▶ [Task]:
Output a faithful copy of the entries, every picture removed.
*** Opening Extracted information ***
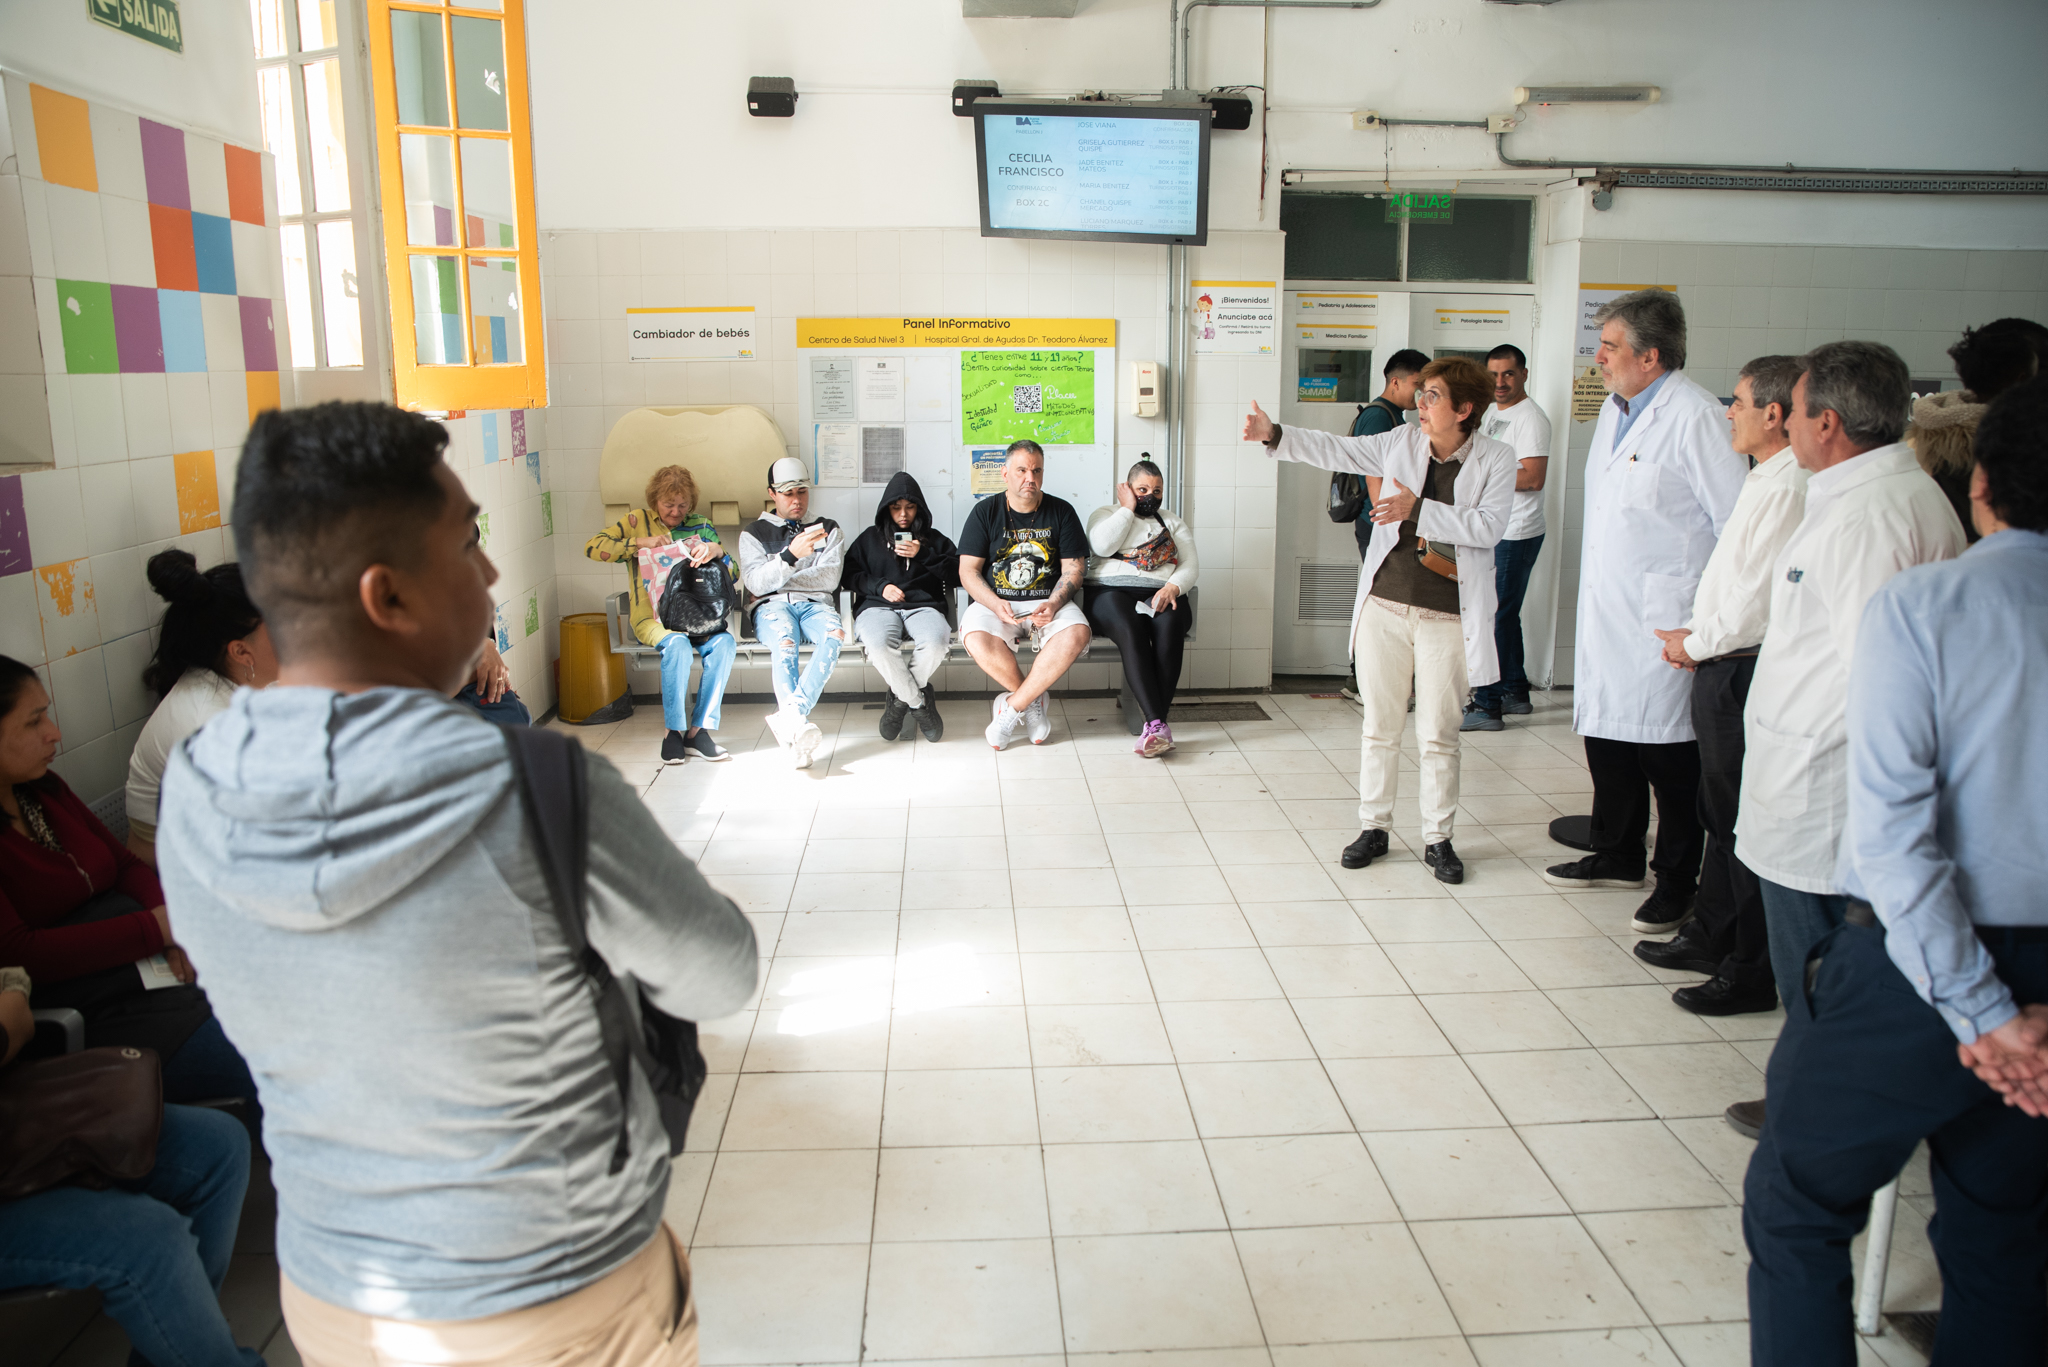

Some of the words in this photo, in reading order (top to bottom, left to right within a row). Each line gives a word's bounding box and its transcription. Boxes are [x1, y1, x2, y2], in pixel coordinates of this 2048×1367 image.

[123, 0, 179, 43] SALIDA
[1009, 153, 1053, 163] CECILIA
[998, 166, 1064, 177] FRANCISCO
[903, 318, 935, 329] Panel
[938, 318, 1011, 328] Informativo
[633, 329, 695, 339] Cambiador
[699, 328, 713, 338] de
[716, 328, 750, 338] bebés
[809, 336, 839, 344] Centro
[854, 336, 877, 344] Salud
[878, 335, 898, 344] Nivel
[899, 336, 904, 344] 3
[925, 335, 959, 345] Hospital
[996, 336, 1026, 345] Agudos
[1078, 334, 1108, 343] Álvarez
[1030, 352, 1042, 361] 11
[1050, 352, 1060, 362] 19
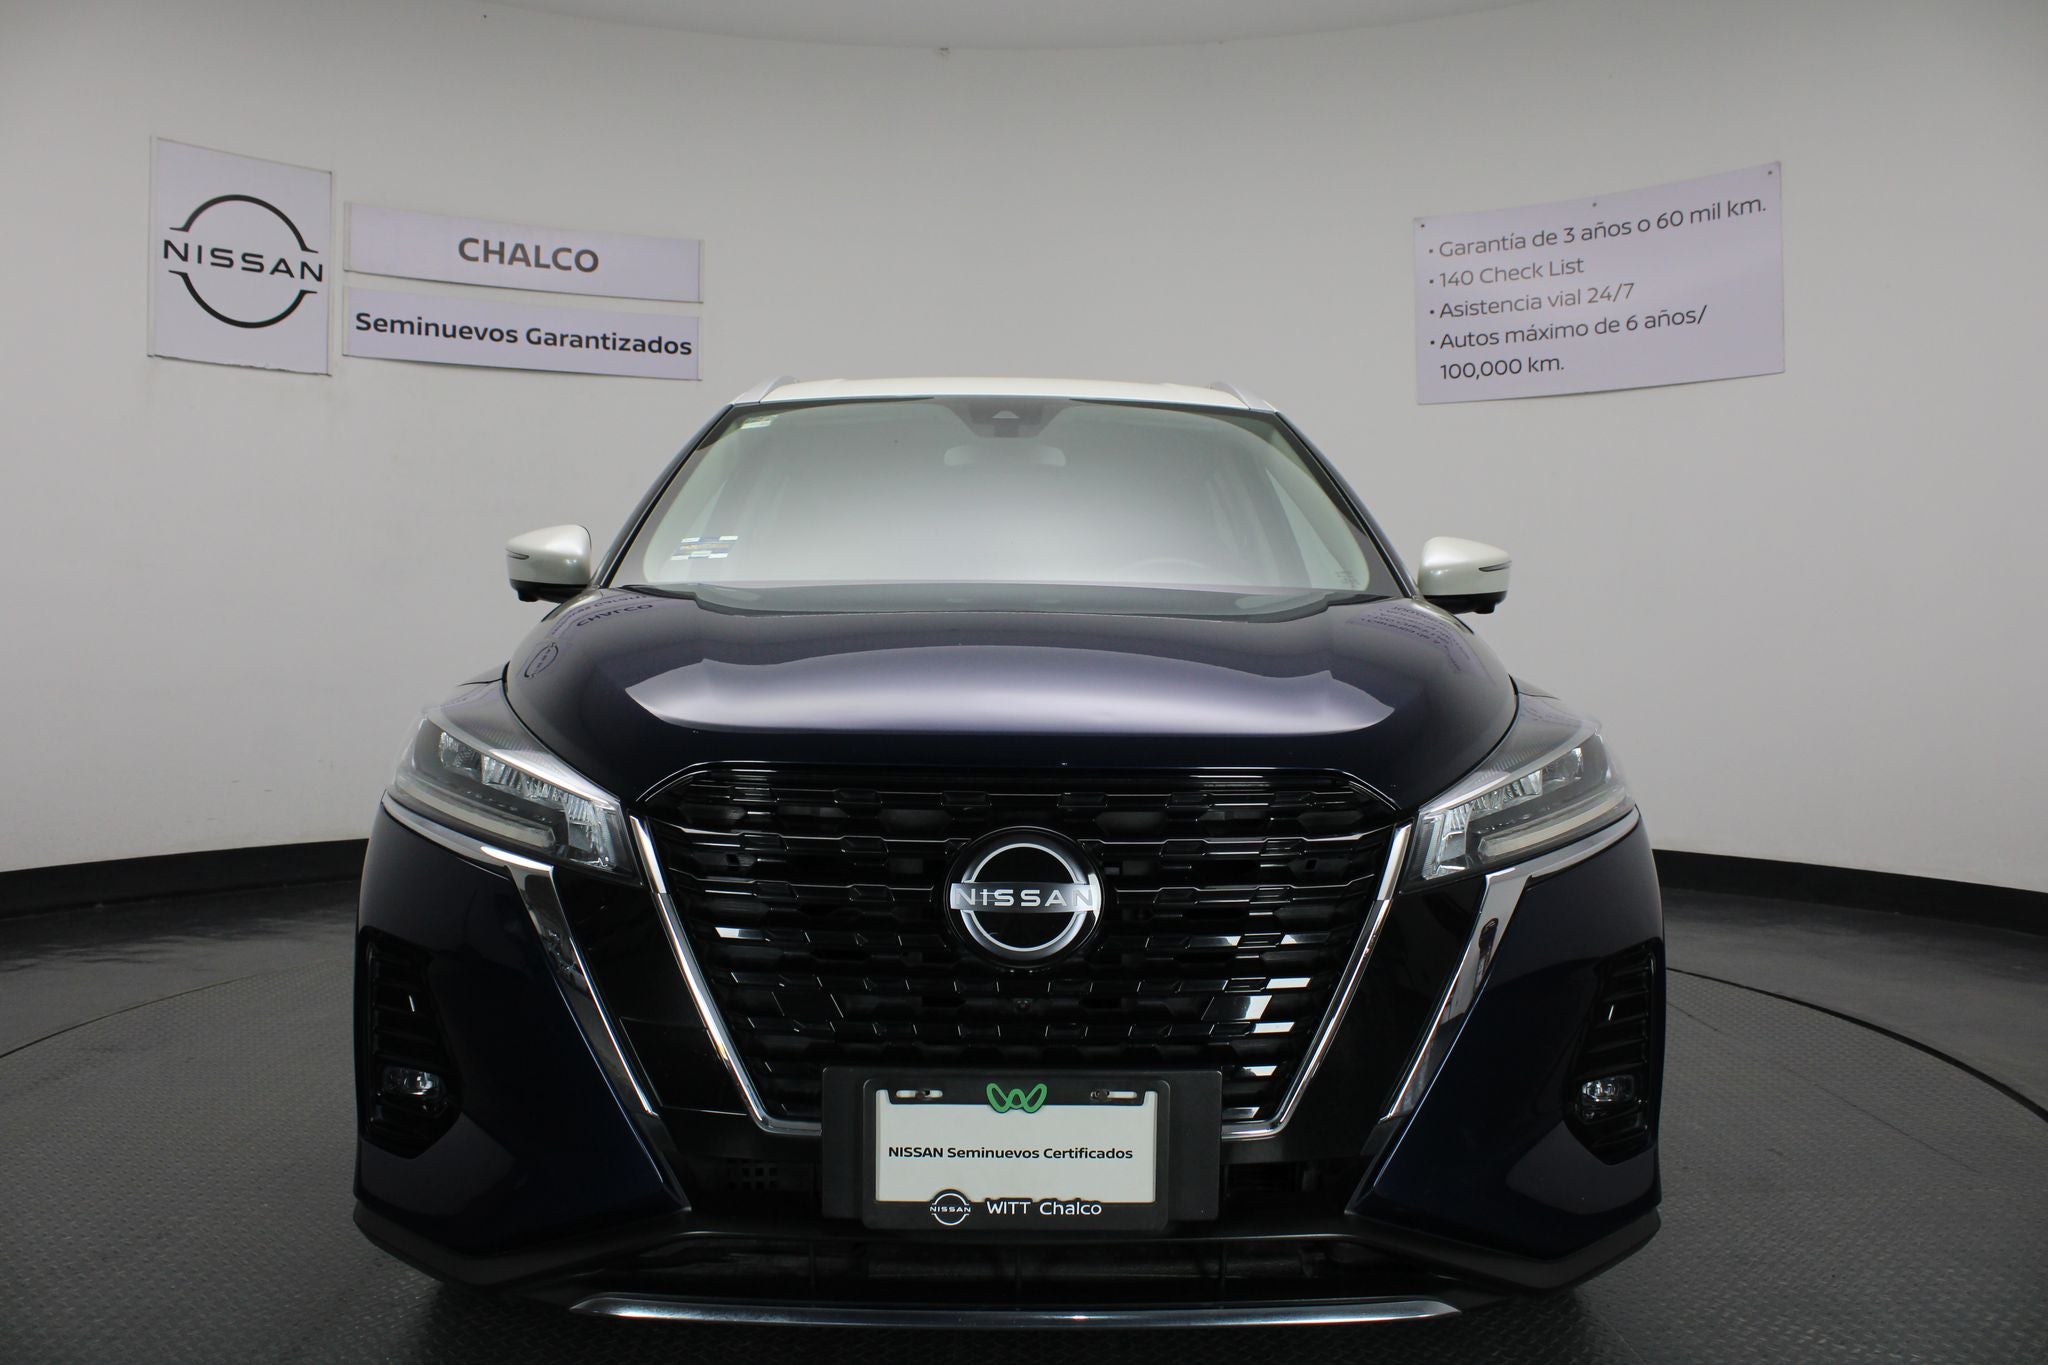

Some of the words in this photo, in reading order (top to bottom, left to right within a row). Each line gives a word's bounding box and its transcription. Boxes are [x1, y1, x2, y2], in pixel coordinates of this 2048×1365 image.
*** Closing Extracted information ***
▶ [Solution to the exercise]:
Some of the words in this photo, in reading order (top to bottom, left to right within a row). Each line gives a word's bounding box and its transcription. Boxes are [x1, y1, x2, y2], in pixel coordinates of this 2048×1367 image.

[123, 0, 179, 43] SALIDA
[1009, 153, 1053, 163] CECILIA
[998, 166, 1064, 177] FRANCISCO
[903, 318, 935, 329] Panel
[938, 318, 1011, 328] Informativo
[633, 329, 695, 339] Cambiador
[699, 328, 713, 338] de
[716, 328, 750, 338] bebés
[809, 336, 839, 344] Centro
[854, 336, 877, 344] Salud
[878, 335, 898, 344] Nivel
[899, 336, 904, 344] 3
[925, 335, 959, 345] Hospital
[996, 336, 1026, 345] Agudos
[1078, 334, 1108, 343] Álvarez
[1030, 352, 1042, 361] 11
[1050, 352, 1060, 362] 19

Some of the words in this photo, in reading order (top to bottom, left to right within a row). Each line gives a word's bounding box and its transcription. Boxes are [x1, y1, x2, y2], in pixel coordinates of this 2048×1365 image.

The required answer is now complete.